There are a number of ways of contaminating lubrication. As discussed above, cross contamination of different types of grease can lead to failures. Dust contamination, water ingress or other forms of liquid are also common. This is the reason for units having seals and these sealing systems can be very complicated. But no matter how much money is invested in the ‘best’ sealing system, if it is being filled with contaminated grease or oil, the bearing will fail.
As outlined above, when a bearing is filled with grease, the lubrication is being carried out by the base oil being ‘leaked’ into the space between the surfaces of the bearing. Just how thick is this oil film? To gain a better perspective, consider a grain of dirt 10 µm in size. Can this be seen with the naked eye? No. A human hair is, on average, 50 µm thick and would be visible to the naked eye. The lubricating film between the contact surfaces being lubricated, when the unit is at full operating temperature, is between 0.1 and 1.0 µm thick. That 10 µm grain of dirt will push the lubricating film away with ease.
The best illustration of what this can cause is in a simple picture. Consider two identical bearings. They have been manufactured to the same specification in the same factory, but there is one critical difference between them – one will produce 1 000 hours of service whilst the other will provide 10 000 hours service. Why is this? The fitting and lubrication methods used and contamination. These three factors relate to 66% of all bearing failures. As a customer, I would most certainly prefer having to replace my bearings every 10 000 hours as opposed to 1 000 hours.
Also remember that contamination can also be caused by mixing two different types or even makes of grease. While the claim may be made that the grease will perform in the same manner as another type of grease, the components that make up the greases may differ significantly. Even though the basic thickener and the base oil may be compatible, there are certain additives that may react with other components. If a factory is using three different types of grease, there should be three grease guns, clearly marked for each grease type.
Grease is a consumable – disregard the costs
Many customers do not realise how much of a saving can be made by controlling the consumption of grease. An even scarier observation is that most companies are not sure of their exact spend on lubrication. On bigger plants this can, and has been proven to, run into millions. In this age of cost cutting and cost saving, one of the most obvious ways of saving costs is being ignored.
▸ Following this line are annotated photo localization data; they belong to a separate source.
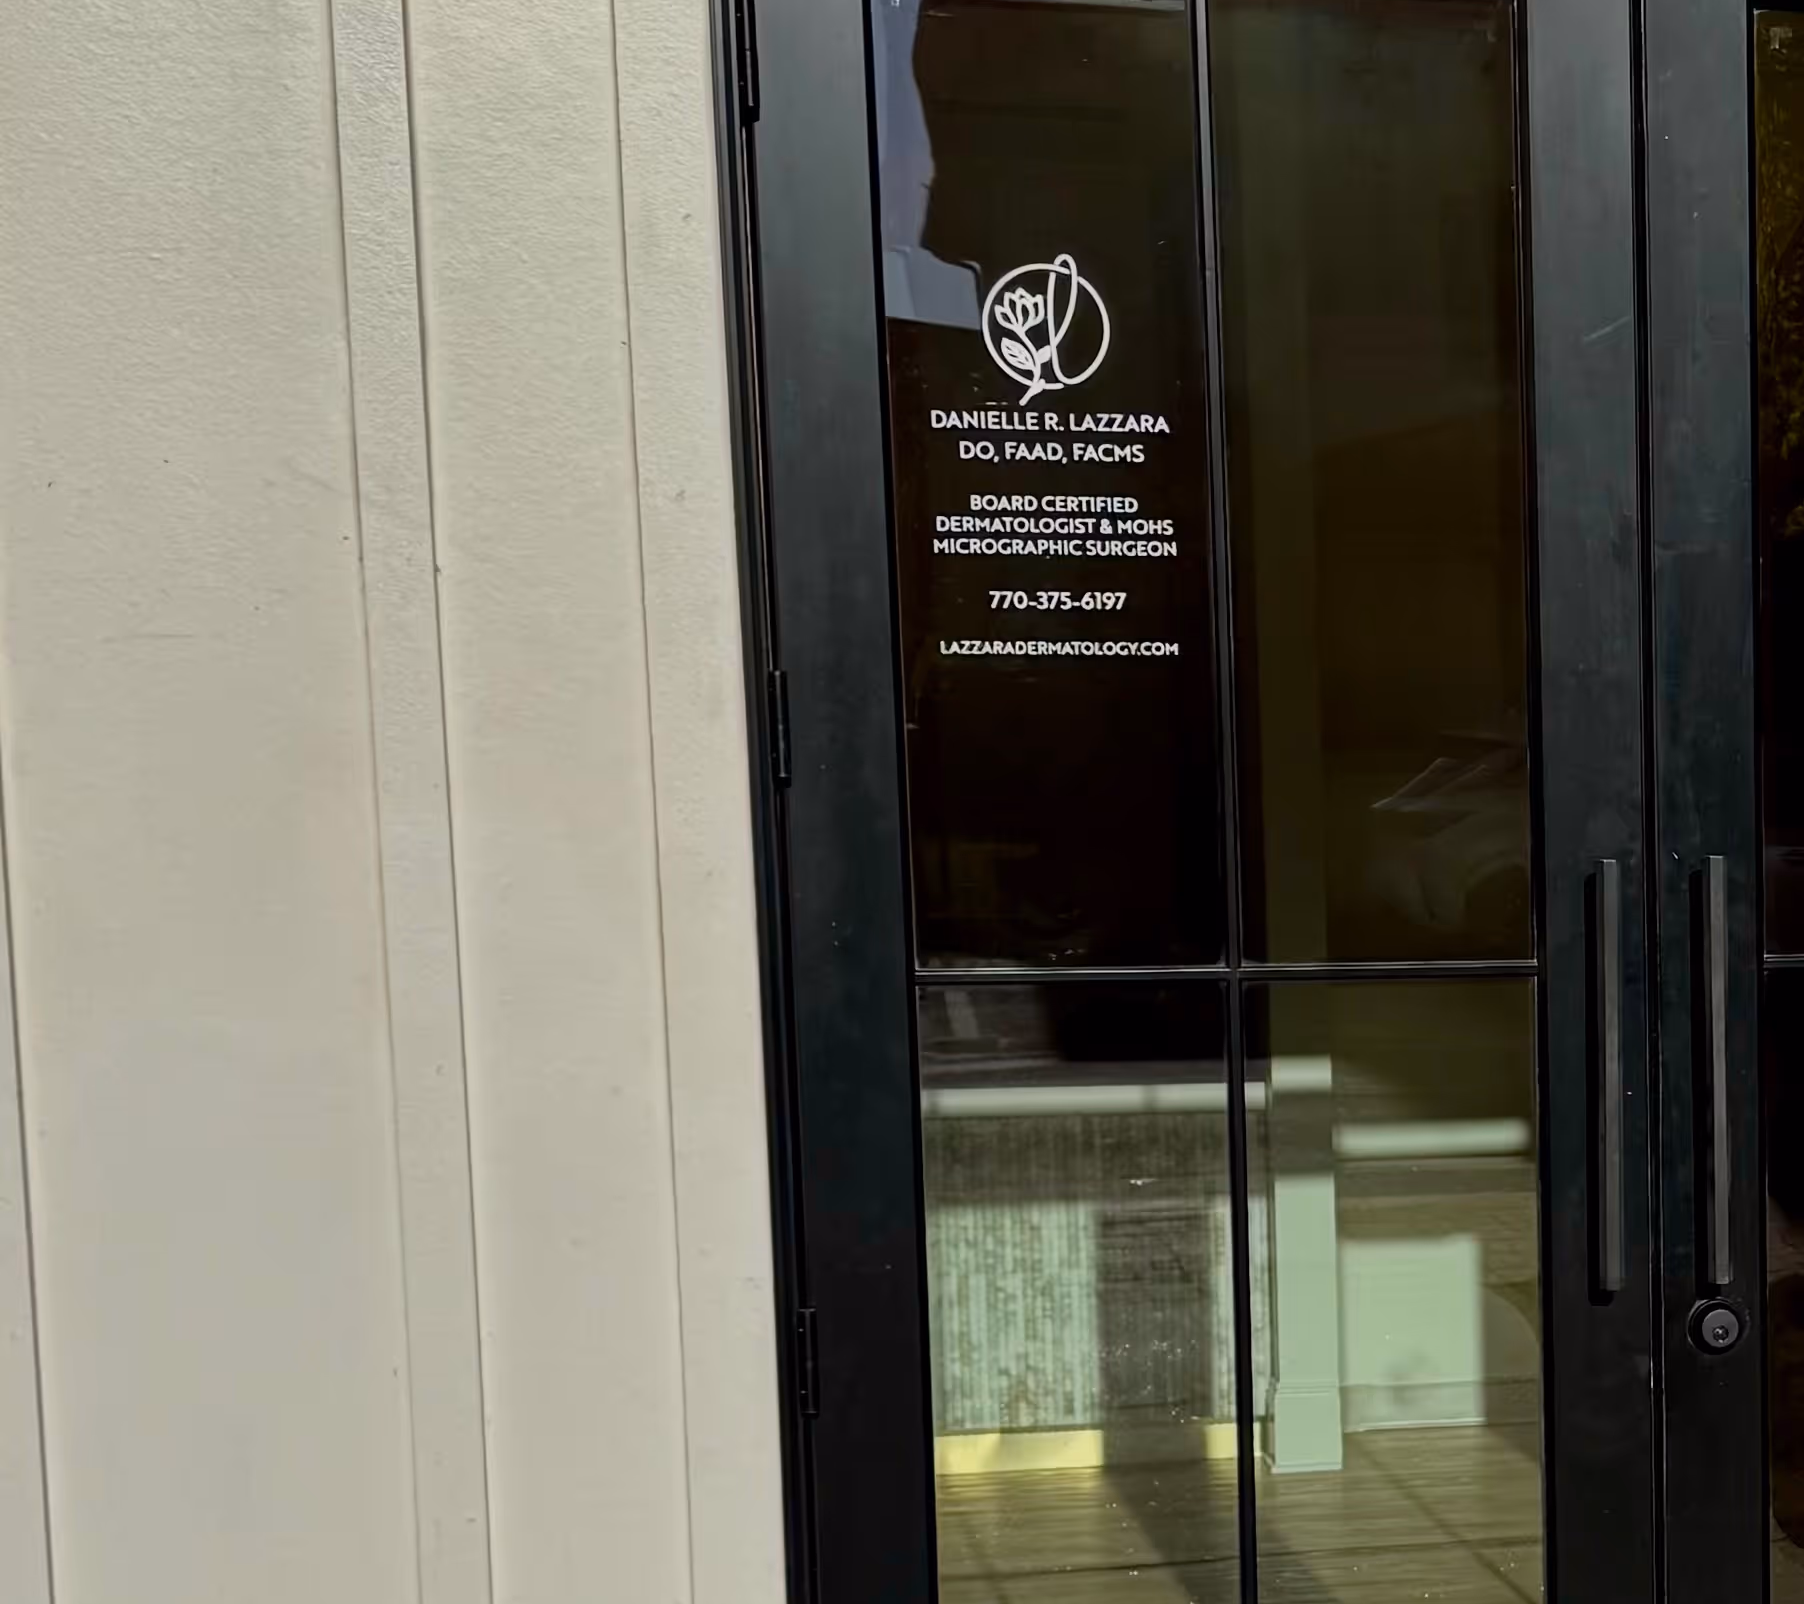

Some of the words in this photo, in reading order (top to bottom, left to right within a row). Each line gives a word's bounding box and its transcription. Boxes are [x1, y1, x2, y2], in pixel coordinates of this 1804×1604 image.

[931, 410, 1039, 431] DANIELLE
[1045, 413, 1064, 431] R.
[1070, 414, 1170, 433] LAZZARA
[960, 441, 999, 463] DO,
[1005, 442, 1067, 464] FAAD,
[1073, 443, 1145, 463] FACMS
[970, 495, 1038, 511] BOARD
[1042, 496, 1138, 513] CERTIFIED
[936, 516, 1096, 534] DERMATOLOGIST
[1100, 519, 1112, 534] &
[1118, 519, 1174, 535] MOHS
[933, 538, 1082, 555] MICROGRAPHIC
[1086, 540, 1178, 557] SURGEON
[989, 591, 1127, 610] 770-375-6197
[940, 640, 1179, 656] LAZZARADERMATOLOGY.COM
Working smart with lubrication and grease purchases and how they are used in the workplace can notably reduce costs; in some cases, by up to 50%.
The use of automatic lubricators, multipoint lubrication systems, lubrication route planning and training can lead to massive savings in the long term.
In the training I received we were taught the ‘5 Rs’ of lubrication, which I now call the ‘Lubrication Mantra’. Here they are: Use the Right lubricant; the Right quantity; at the Right time; at the Right point; and using the Right method.
If this mantra is followed, lubrication should no longer be a mystery and there will be an improvement in uptime as well as a visible cost saving.